Sistemas de captação e aproveitamento de águas pluviais é solução para preservar recursos hídricos e gerar economia.

 

2022 tem sido marcado por chuvas intensas em todo o Brasil. Segundo o portal Climatempo, o fenômeno La Niña é o principal responsável por esse feito. Apesar do verão ser uma estação marcada pelo alto volume de chuvas, o La Niña, combinado com outros fatores, faz com que o volume de precipitações esteja acima da média no país. Seria possível, então, aproveitar as águas pluviais para reduzir o consumo já elevado de água potável no mundo?

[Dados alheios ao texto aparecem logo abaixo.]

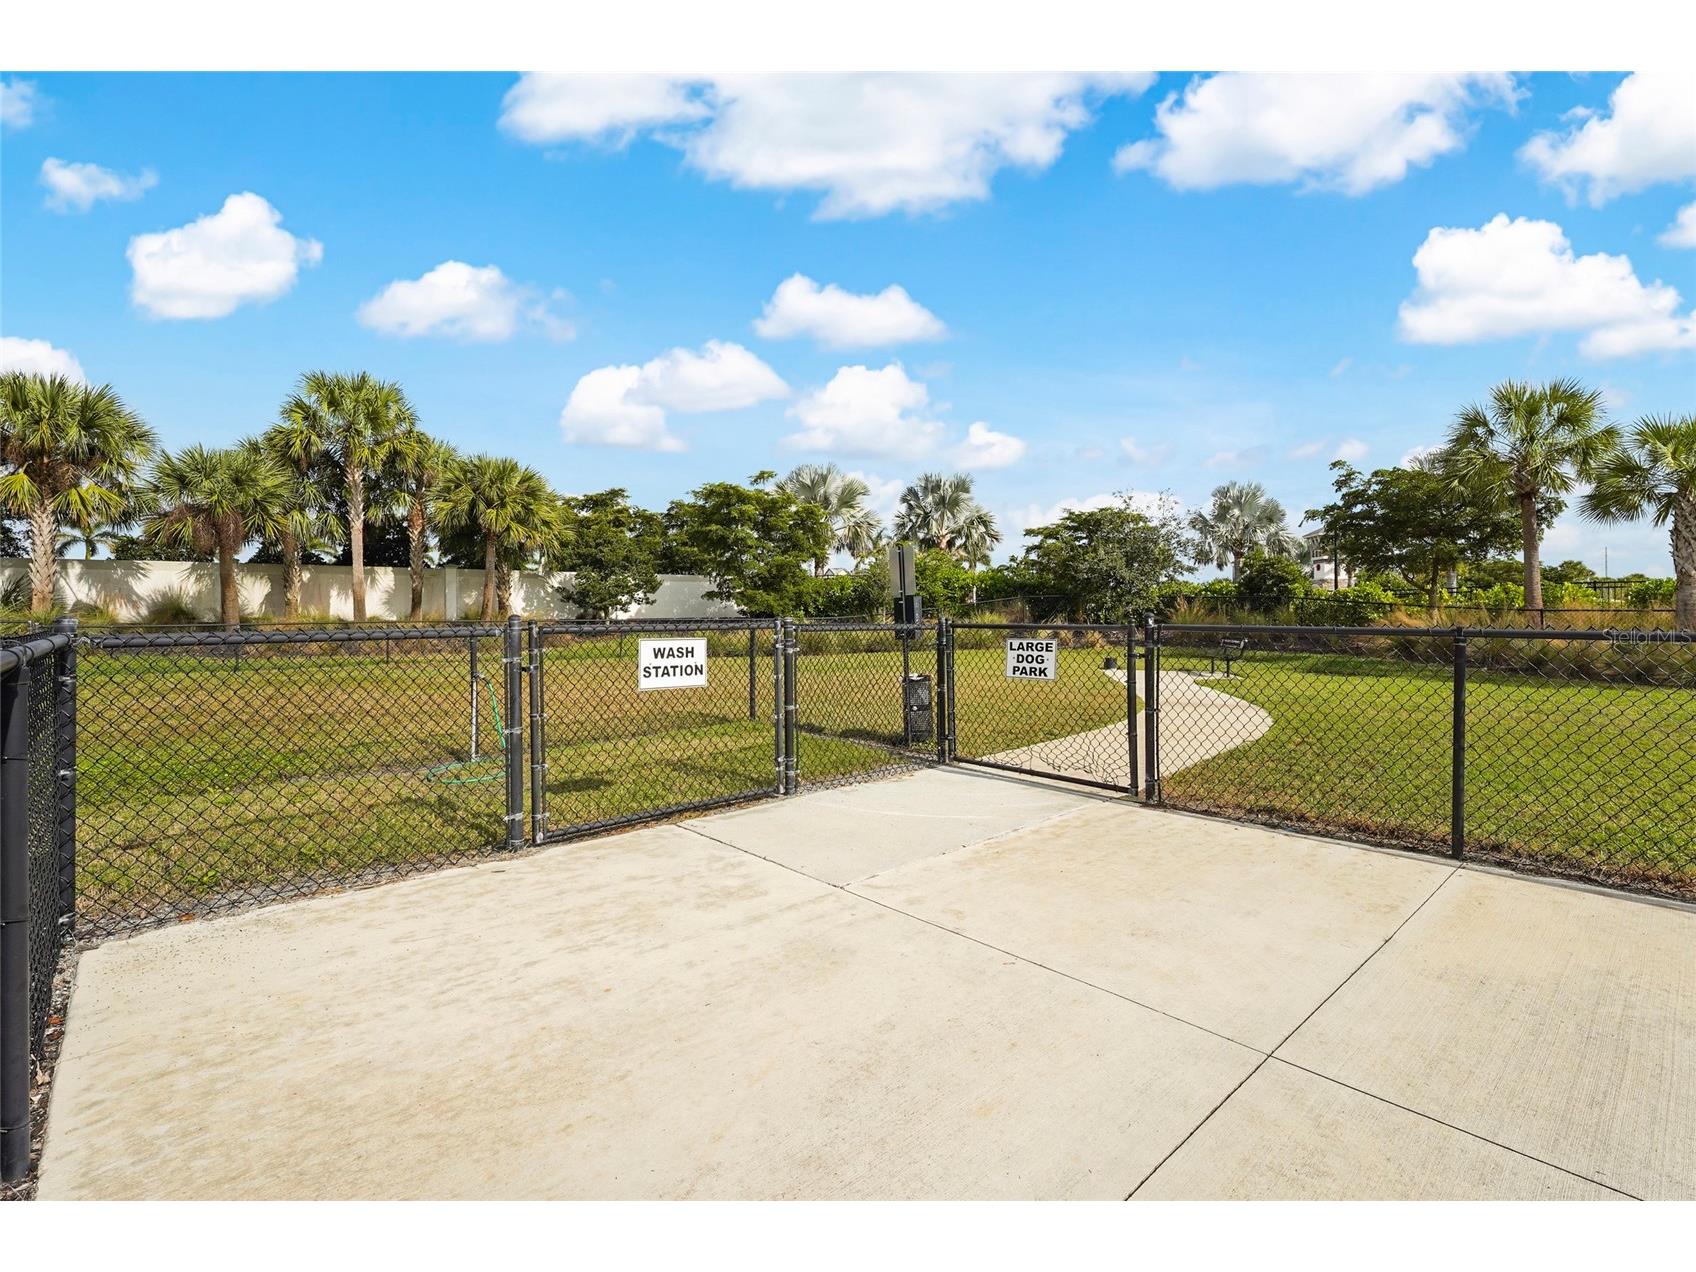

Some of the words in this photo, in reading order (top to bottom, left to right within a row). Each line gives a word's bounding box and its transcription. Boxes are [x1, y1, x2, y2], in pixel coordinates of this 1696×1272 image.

Considerando que as crises hídricas têm sido mais frequentes e intensas, as técnicas de uso de águas pluviais seriam uma opção para poupar os recursos naturais. “O aproveitamento da água da chuva colabora para reduzir a vulnerabilidade hídrica, conter enchentes e dar certo alívio aos reservatórios, além de reduzir a conta de água do consumidor”, explica Edson Grandisoli, pós-doutor pelo Programa Cidades Globais (IEA-USP) e coordenador pedagógico do Movimento Circular, iniciativa que promove a economia circular na América Latina. Alfredo Akira Ohnuma Jr., professor da Universidade do Estado do Rio de Janeiro (UERJ), enumera os principais benefícios do aproveitamento de águas pluviais:

  1. Redução do consumo de água potável;
  2. Eliminação de determinados poluentes na rede de drenagem quando instalados filtros de controle e tratamento do volume inicial da chuva; 
  3. Melhoria nas condições da descarga do volume de escoamento superficial, tendo em vista o aproveitamento da água de que seria escoada pelo telhado e distribuída na rede de água pluvial.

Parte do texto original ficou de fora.